Si è spento nella serata del 25 maggio lo scultore Edoardo Lalli. Aveva 58 anni ed era originario di Pescopennataro, paese dell’Alto Molise profondamente legato alla storia degli scalpellini e alla tradizione della lavorazione della pietra. Una cultura che a Pescopennataro ha radici profonde e che Lalli aveva saputo trasformare in linguaggio personale, essenziale, riconoscibile.
I funerali di Edoardo Lalli si sono tenuti ieri presso la chiesa della Madonna delle Grazie a Pescopennataro.
Nelle sue opere la pietra non era mai soltanto pietra: diventava respiro, memoria, forma viva. Nelle mani di Lalli la pietra perdeva il suo peso e diventava superficie contemplativa, segno, presenza. Le sue sculture raccontano una ricerca artistica legata alla natura, alla memoria e all’essenzialità.

La biografia artistica di Edoardo Lalli
Edoardo Lalli nasce ad Agnone nel 1967. La sua ricerca si sviluppa nell’ambito della scultura, con particolare attenzione alla lavorazione artistico-artigianale del marmo e della pietra. La sua prima produzione risale agli anni Novanta e si inserisce nella storica tradizione artigianale di Pescopennataro, paese d’origine della sua famiglia, dove aveva sede il suo laboratorio e dove alcune sue opere sono esposte. Un territorio segnato da una lunga vocazione alla lavorazione della pietra, grazie alla presenza di maestri scalpellini e stuccatori che ne hanno attraversato la storia culturale.

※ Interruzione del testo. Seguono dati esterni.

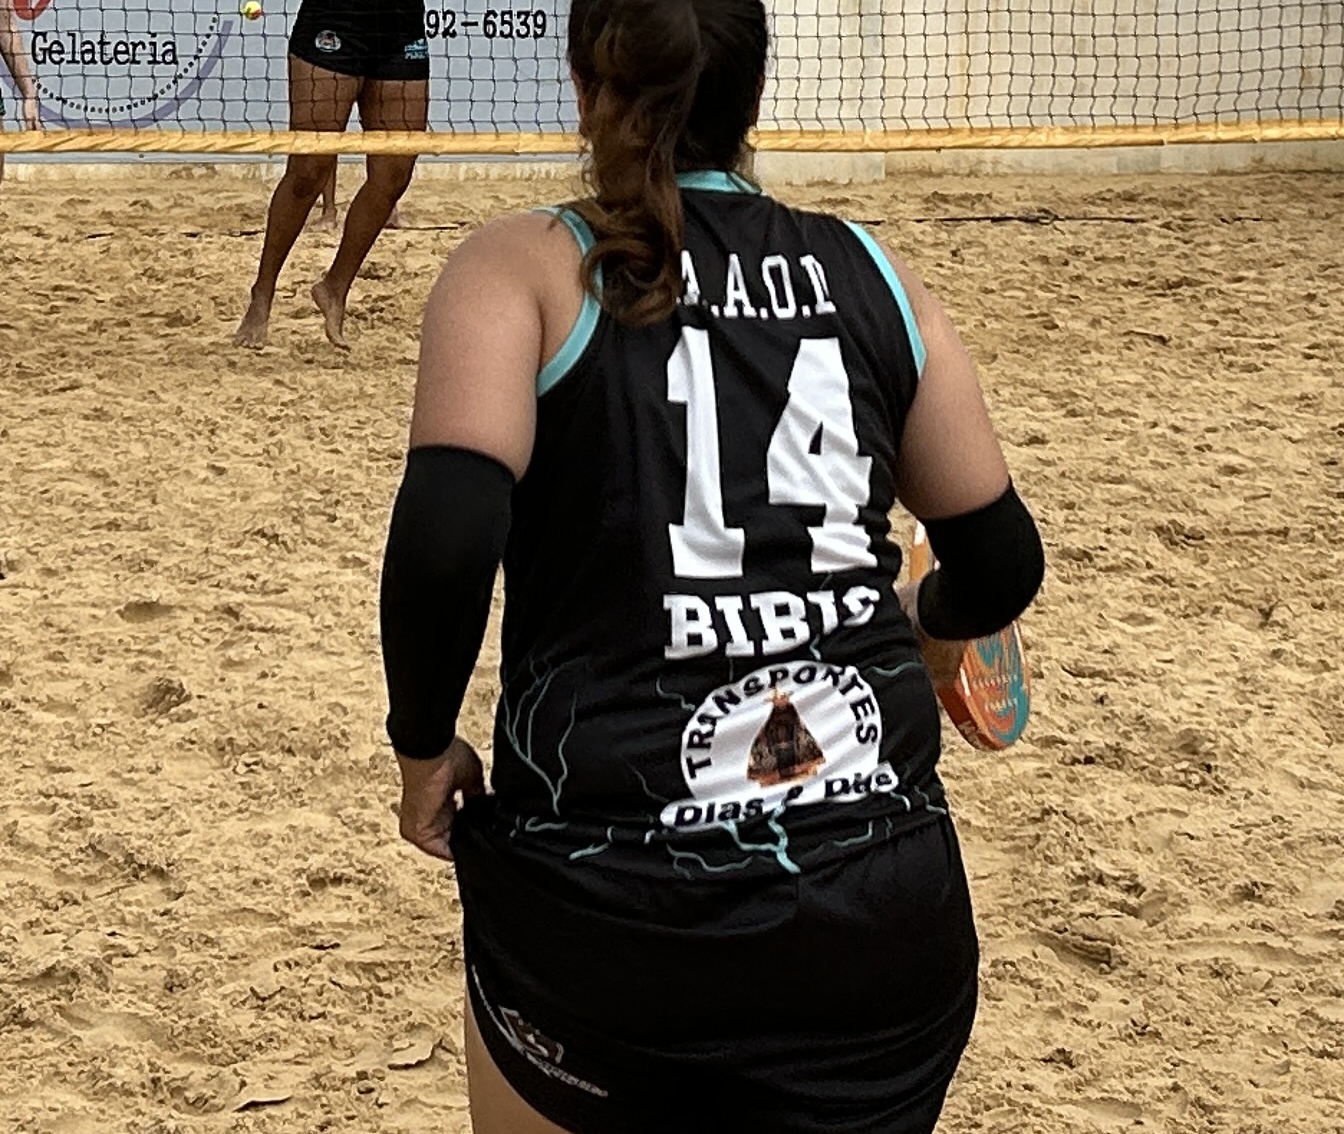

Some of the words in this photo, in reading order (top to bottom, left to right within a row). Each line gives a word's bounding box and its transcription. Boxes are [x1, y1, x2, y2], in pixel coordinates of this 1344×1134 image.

[426, 9, 548, 39] 92-6539
[31, 30, 179, 66] Gelateria
[666, 325, 879, 579] 14
[674, 797, 766, 827] Dias
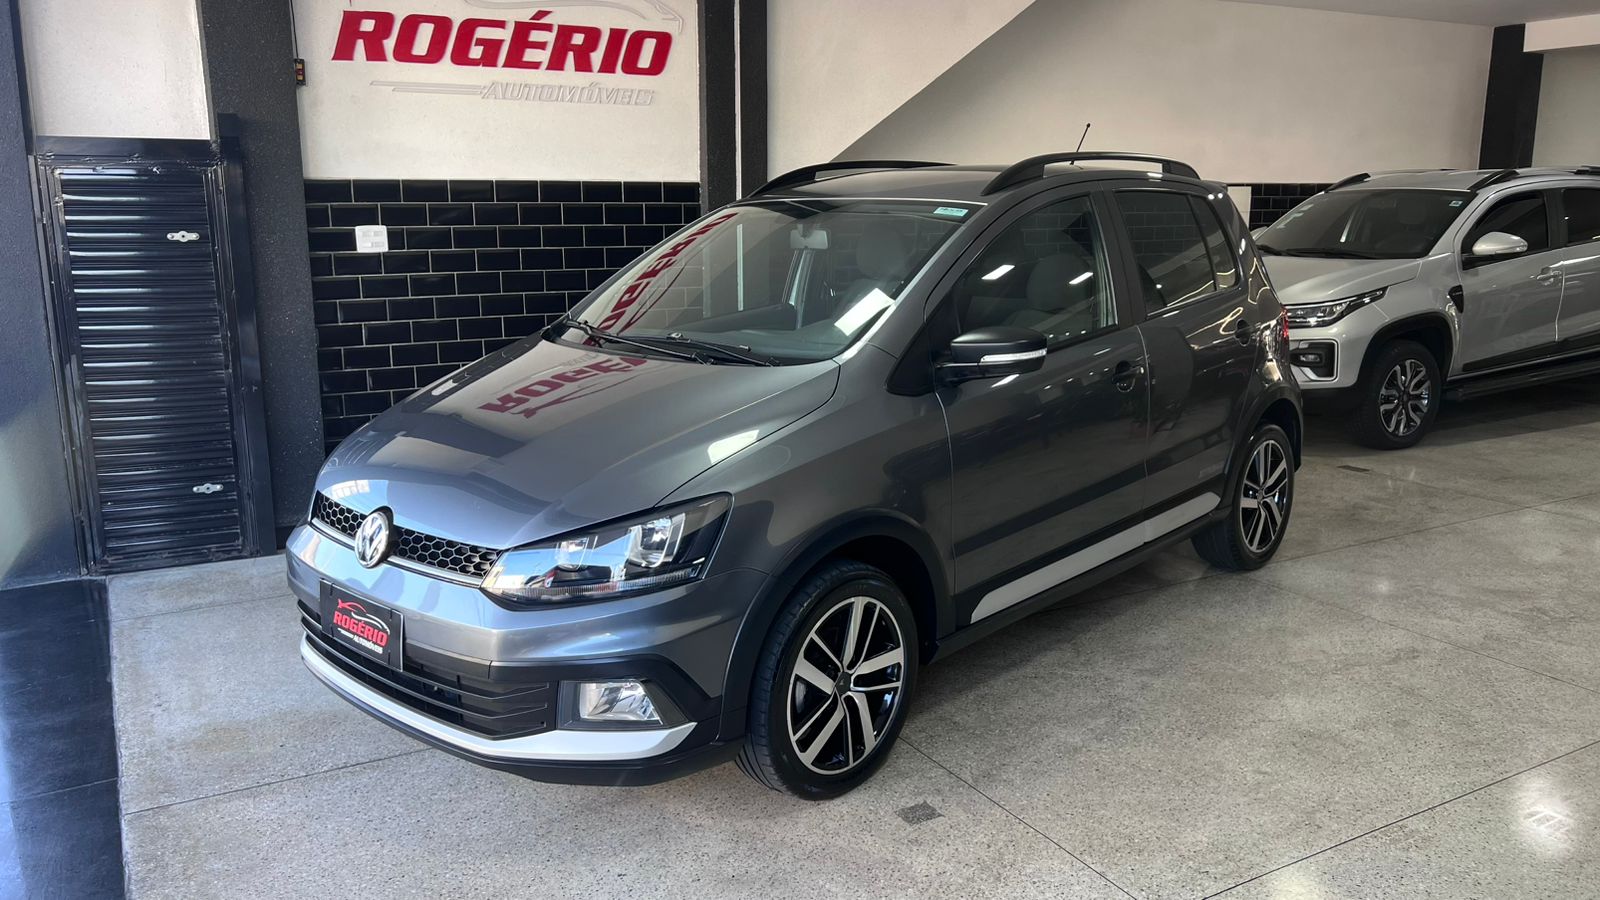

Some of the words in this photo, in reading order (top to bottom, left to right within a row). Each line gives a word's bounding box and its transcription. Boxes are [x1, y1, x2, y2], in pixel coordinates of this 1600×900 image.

[331, 10, 673, 76] ROGÉRIO
[481, 80, 655, 106] AUTOMÓVEIS
[333, 611, 388, 647] ROGÉRIO
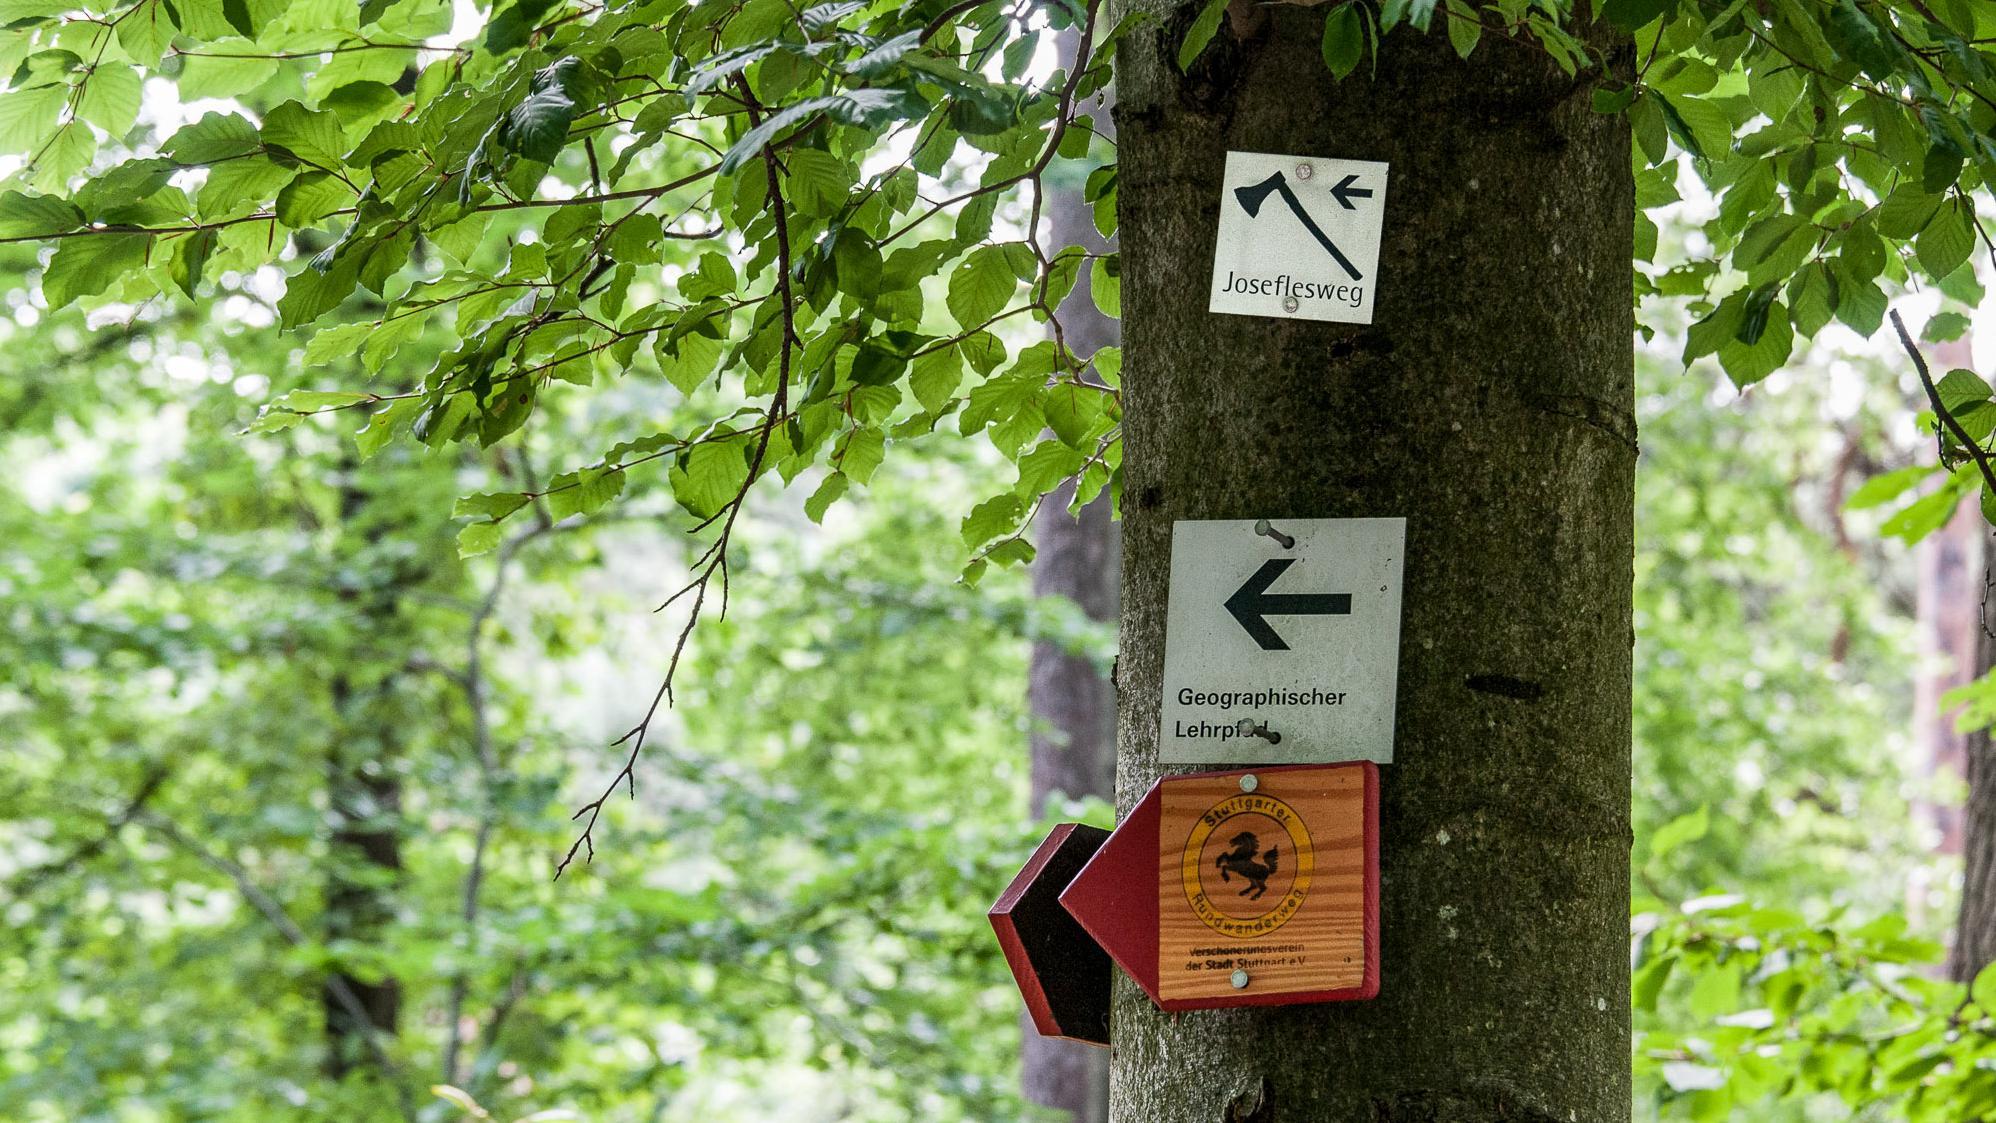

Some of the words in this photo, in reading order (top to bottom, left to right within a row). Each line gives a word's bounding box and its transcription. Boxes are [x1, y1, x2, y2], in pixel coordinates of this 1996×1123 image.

[1222, 271, 1363, 307] Joseflesweg
[1177, 688, 1347, 709] Geographischer
[1175, 720, 1268, 741] Lehrpf
[1204, 799, 1291, 827] Stuttgarter
[1193, 889, 1304, 934] Rundwanderweg
[1185, 960, 1203, 971] der
[1205, 959, 1233, 970] Stadt

Dopo i primi insegnamenti ricevuti in ambito familiare, il percorso di Lalli si arricchisce attraverso la collaborazione con il maestro Pasquale Napoli, di cui frequenta il laboratorio dal 1997 al 1999.
Nel 1998 arriva una delle sue prime esposizioni pubbliche. A questa seguiranno numerose partecipazioni a mostre collettive e personali, oltre alla presenza in importanti fiere dedicate all’artigianato artistico.
Nel 2018 è ideatore del format artistico “Lei Danza – Lei Pietra”, progetto capace di unire scultura, danza e videoarte. Da questa esperienza prende avvio anche il sodalizio con Donato Giannini, con il quale Lalli intraprende diversi progetti artistici.
Tra le sue creazioni si ricorda anche l’evento “Sfoglia il Cubo”, fino all’ultima esposizione collettiva “Pietraluce”, realizzata nel maggio-giugno 2023 presso l’Auditorium di Isernia insieme alla fotografa Serena Di Serio.
Con Edoardo Lalli scompare una voce autentica dell’arte molisana contemporanea. Resta però il segno delle sue opere: pietre trasformate in memoria, silenzio e bellezza. Perché alcuni artisti non se ne vanno davvero. Restano nella materia che hanno saputo ascoltare.